Elle représente le plus gros volume de production des algues au Japon. (83) Elle peut être consommée grillée (yakinori) dans les rāmen (nouilles de blé à la chinoise) ou accompagner de nombreux plats comme les sobas coréennes (nouilles de sarrasin). Par ailleurs elle permet la confection des makizushis. En France, le nori est consommé cru, haché finement, cuit avec du poisson, ou rajouté en fin de cuisson dans les pâtes et les légumes.

Le kombu (847 mg/100 g)

C'est une grande algue dure. Sa texture est épaisse et charnue et son goût iodé. Elle est aussi très consommée au Japon et en Corée, et elle se prête bien à la cuisson avec des céréales ou des légumineuses germées.
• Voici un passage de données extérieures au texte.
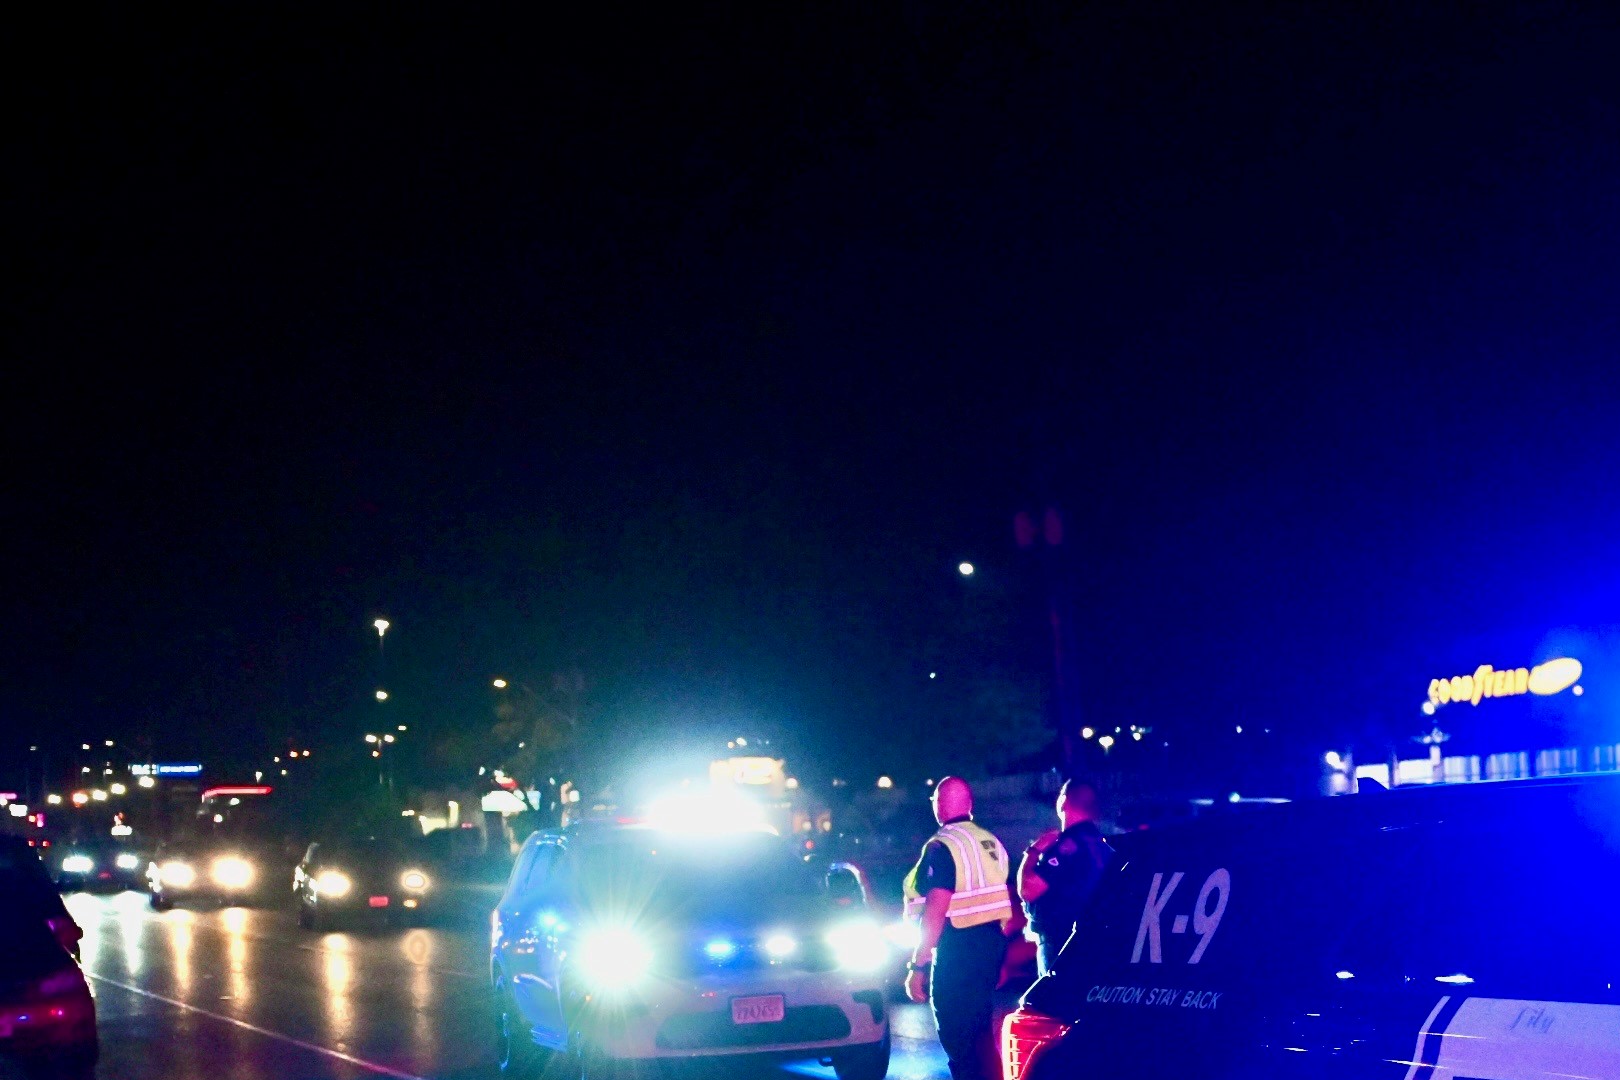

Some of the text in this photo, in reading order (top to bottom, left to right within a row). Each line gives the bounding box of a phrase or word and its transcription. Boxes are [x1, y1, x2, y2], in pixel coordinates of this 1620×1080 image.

Le kombu se démarque des autres algues riches en calcium par sa teneur en iode. (83), (84), (62)

Le wakamé (1002 mg/100 g)

Le wakamé est une algue brune. La nervure centrale large et épaisse demande d'être cuite ou ébouillantée rapidement, après quelques minutes de trempage, suite à quoi elle peut compléter un plat de légumes ou de poissons. Les feuilles quant à elles sont longues et tendres, et elles peuvent être consommées crues en salade. (85), (83), (62), (84)

La dulse (547 mg/100 g) :

De couleur rosée, la dulse a une saveur douce qui la rend facilement consommable. Bien que sa teneur en calcium soit inférieure à celle du wakamé, du kombu, ou de la laitue de mer, une portion de 100 g de Dulse apporte plus de calcium que 3 yaourts, ce qui est remarquable. Elle est couramment utilisée en Europe du Nord.

90 Ainsi, les algues peuvent constituer une alternative aux produits laitiers de par leur densité calcique très attrayante. Cependant, quelques réserves peuvent être émises quant à leur utilisation.
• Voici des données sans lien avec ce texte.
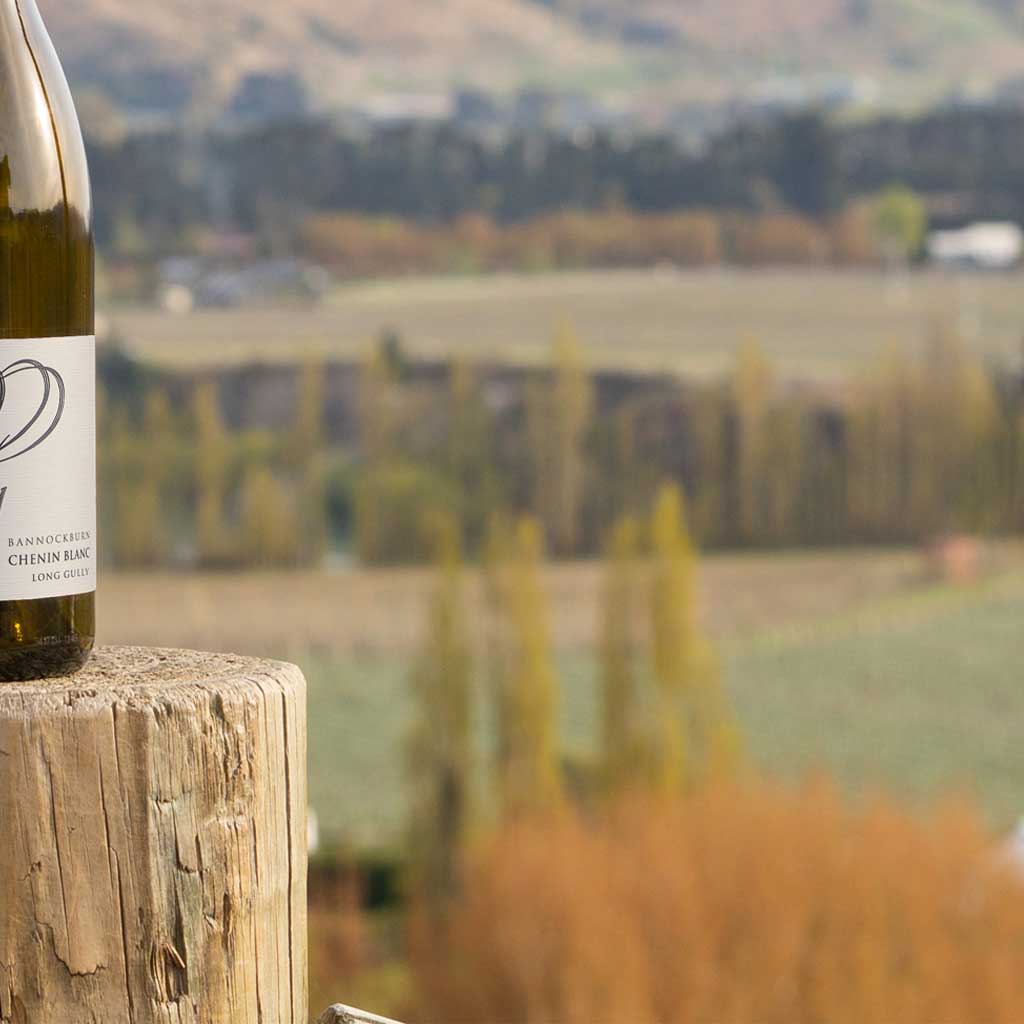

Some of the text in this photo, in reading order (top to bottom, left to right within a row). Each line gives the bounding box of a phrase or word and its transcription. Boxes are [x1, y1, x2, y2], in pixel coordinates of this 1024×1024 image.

[8, 530, 91, 548] BANNOCKBURN
[8, 547, 91, 567] CHENIN BLANC
[32, 567, 90, 582] LONG GULLY
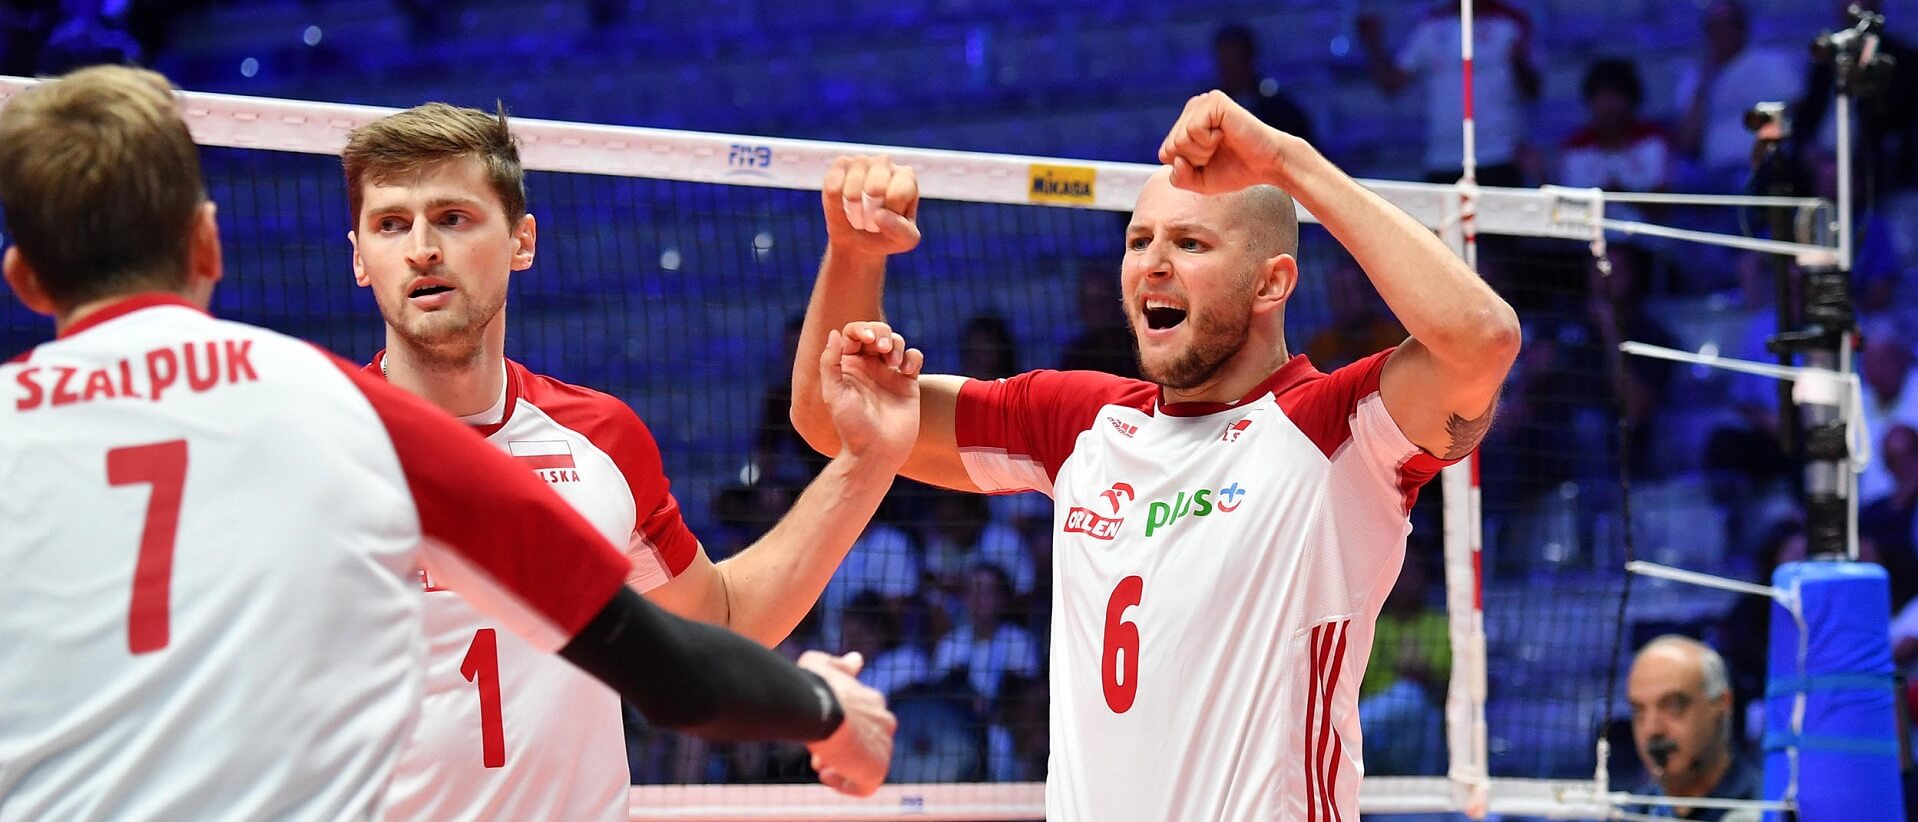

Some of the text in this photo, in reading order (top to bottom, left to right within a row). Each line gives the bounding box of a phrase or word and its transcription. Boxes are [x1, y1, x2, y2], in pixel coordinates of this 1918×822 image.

[16, 340, 259, 412] SZALPUK
[540, 470, 580, 483] LSKA
[1068, 510, 1120, 538] ORLEN
[106, 439, 188, 655] 7
[1101, 575, 1143, 714] 6
[460, 628, 505, 768] 1
Nous l’avons vu, leur richesse minérale s’étend bien au-delà du calcium puisque elles sont toutes extrêmement concentrées en macro et microéléments (Na, K, Mg, P, I, Fe…). De ce fait, il faut rester relativement vigilant car un excès d’apport de ces minéraux n’est pas toujours souhaitable, même s’ils accompagnent une quantité importante de calcium. Il faut surtout être attentif vis-à-vis de l’apport iodé et sodique. Le rinçage des algues avant utilisation permet d’enlever le sel de surface. Toutefois le taux de sodium reste souvent important, et il est nécessaire d’en tenir compte dans les préparations culinaires.

En ce qui concerne l’iode, une consommation importante pourrait entraîner des troubles thyroïdiens bien que les excès d’iode soient rares dans la population. Toutefois, il est essentiel de surveiller une surcharge iodée par consommation importante d’algues, surtout de kombu ou de laminaire sucrée. Leur consommation est contre-indiquée chez des patients traités par hormones thyroïdiennes.
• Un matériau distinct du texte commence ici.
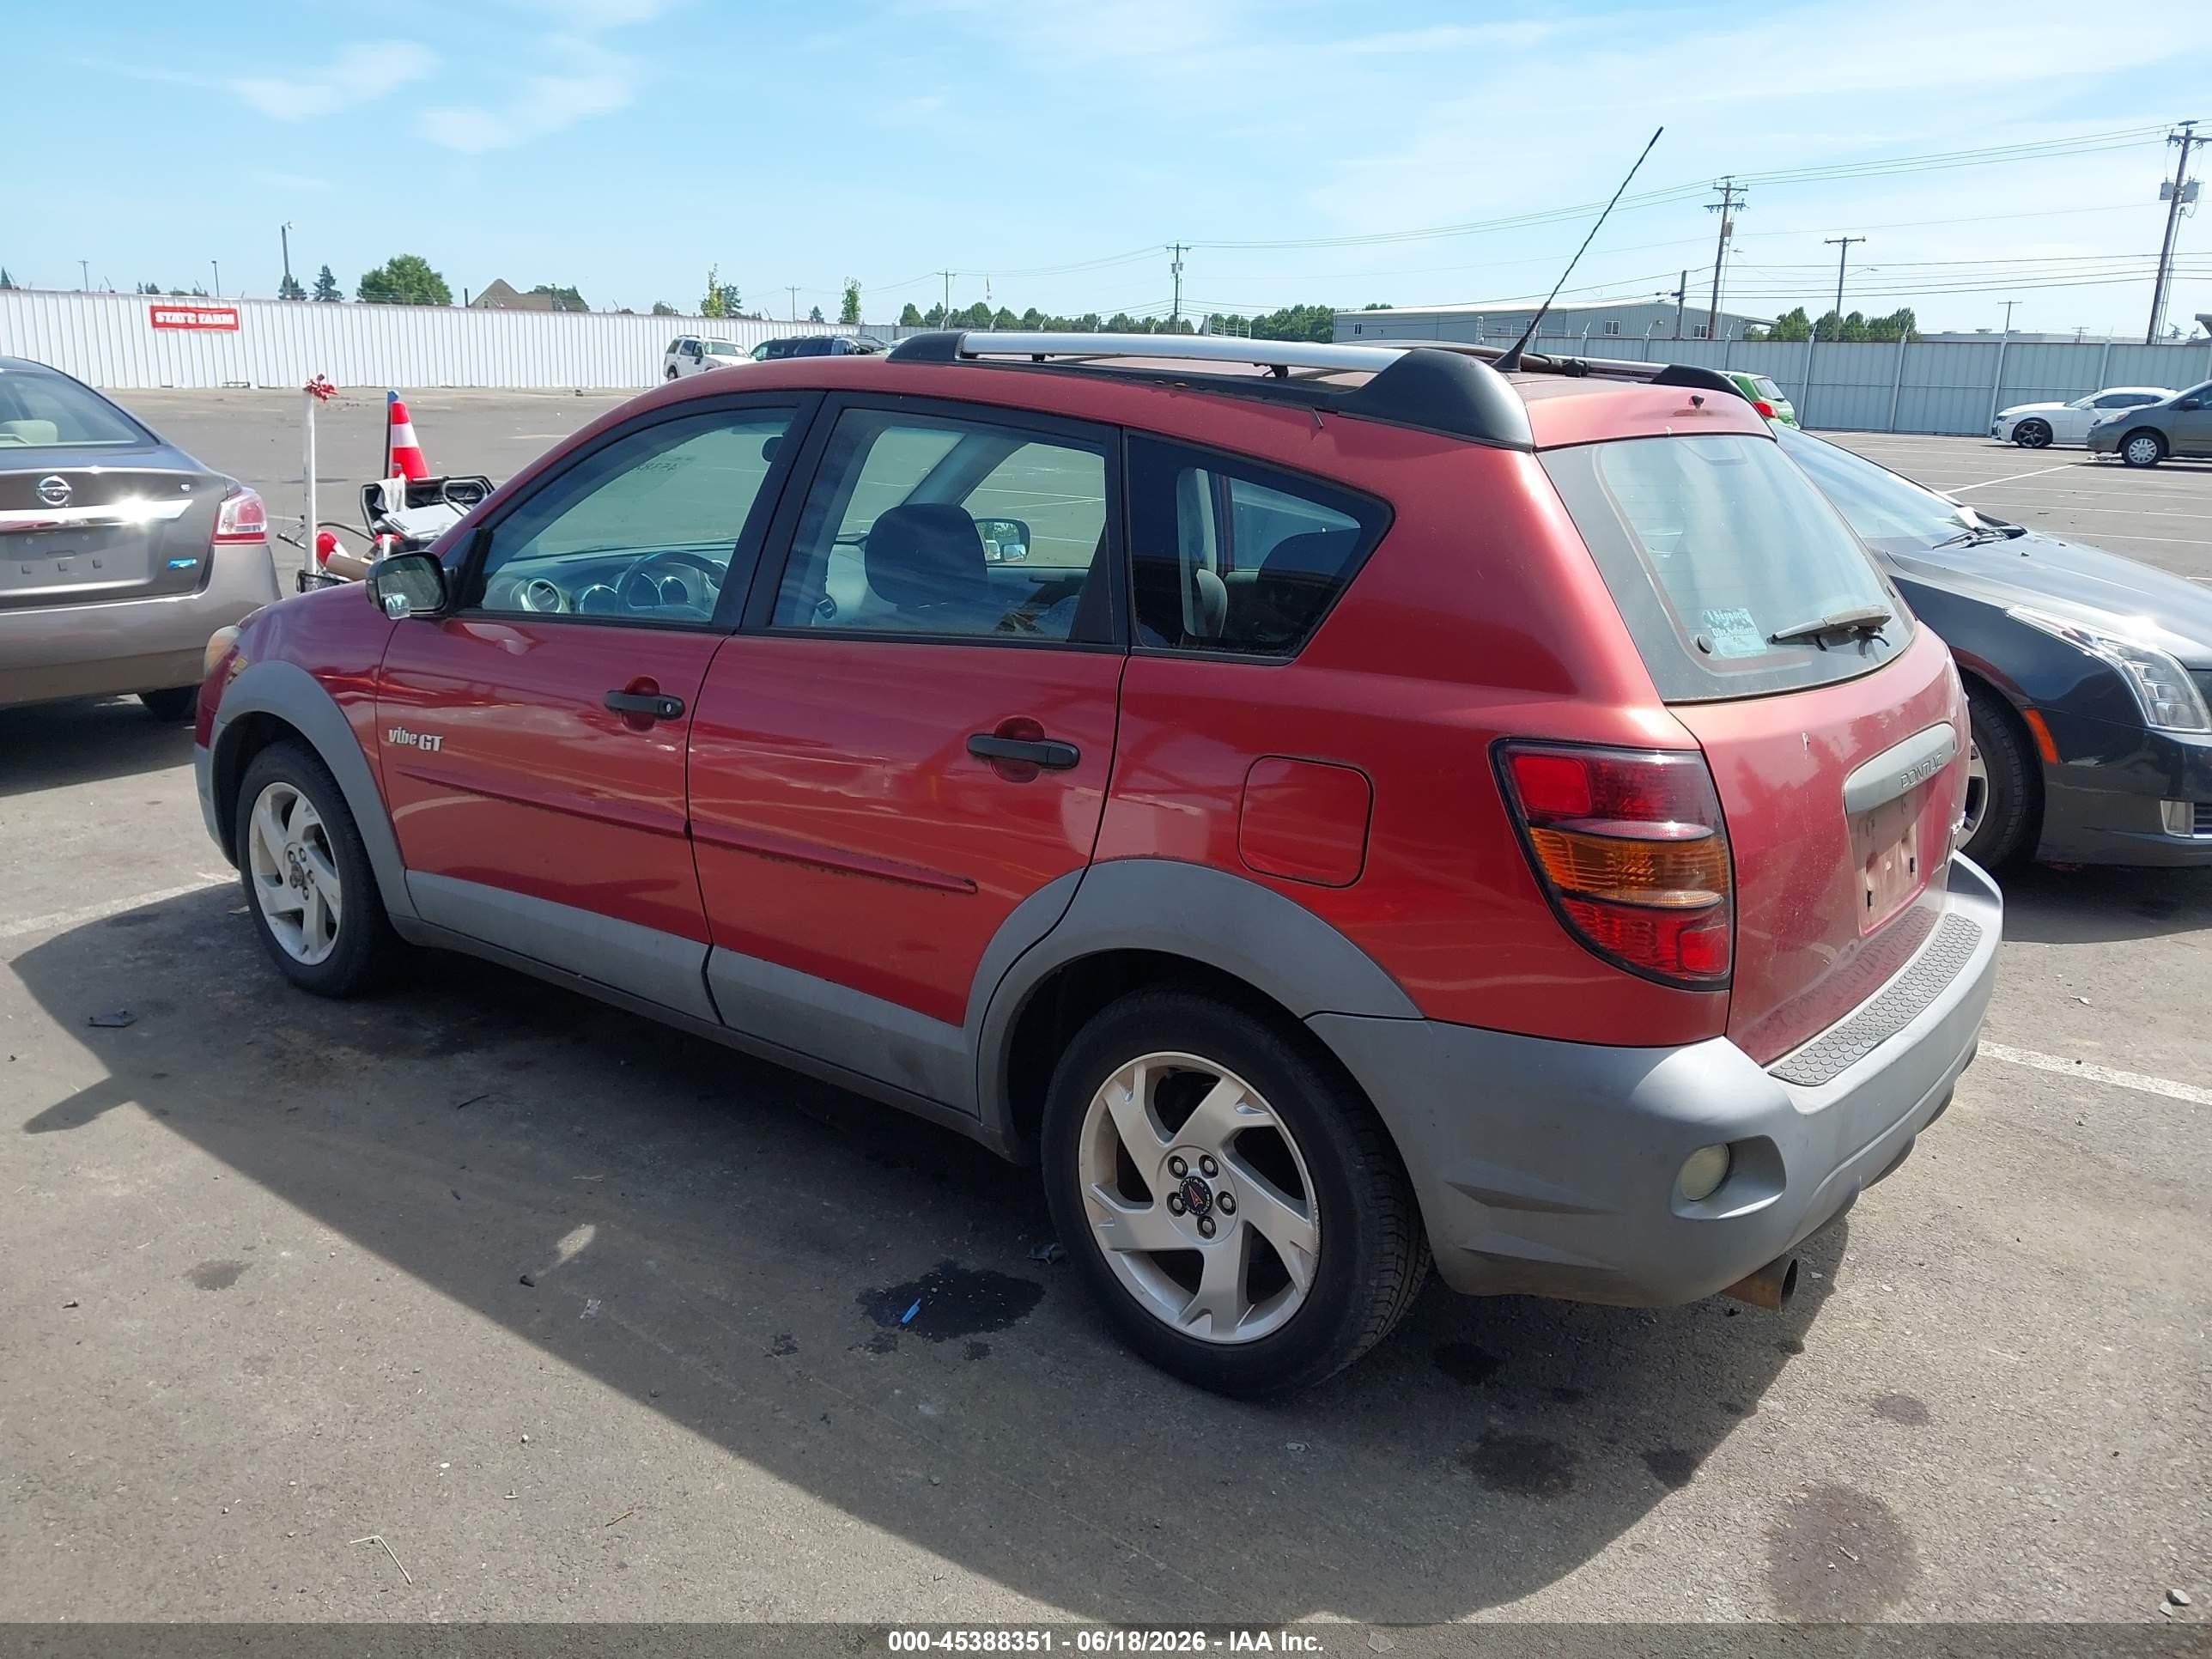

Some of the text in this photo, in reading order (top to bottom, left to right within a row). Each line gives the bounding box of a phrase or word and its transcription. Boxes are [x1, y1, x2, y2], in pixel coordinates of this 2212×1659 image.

Un dernier point reste à souligner : l’impact écologique de la consommation d’algues. En effet, l’algue lithothamne qui présente certainement le plus grand intérêt quant à l’apport de calcium, est en fait le squelette d’une algue morte. Sa physiologie est assez lente. Aussi, s’il existe actuellement un gisement encore important de ces squelettes (ce qu’on récolte sous forme de maërl), son abondance risque de se tarir. De plus le lithothamne améliore la structure du sol marin auquel il fournit de nombreux minéraux et oligoéléments. C’est la raison de son succès en agrobiologie. Malheureusement la surexploitation menace cet écosystème.

Cette algue est maintenant facile d’accès dans de nombreux magasins « bio » ce qui facilite sa diffusion mais surtout son exploitation. Il nous parait donc important de ne pas baser tout l’apport calcique complémentaire sur cette seule denrée.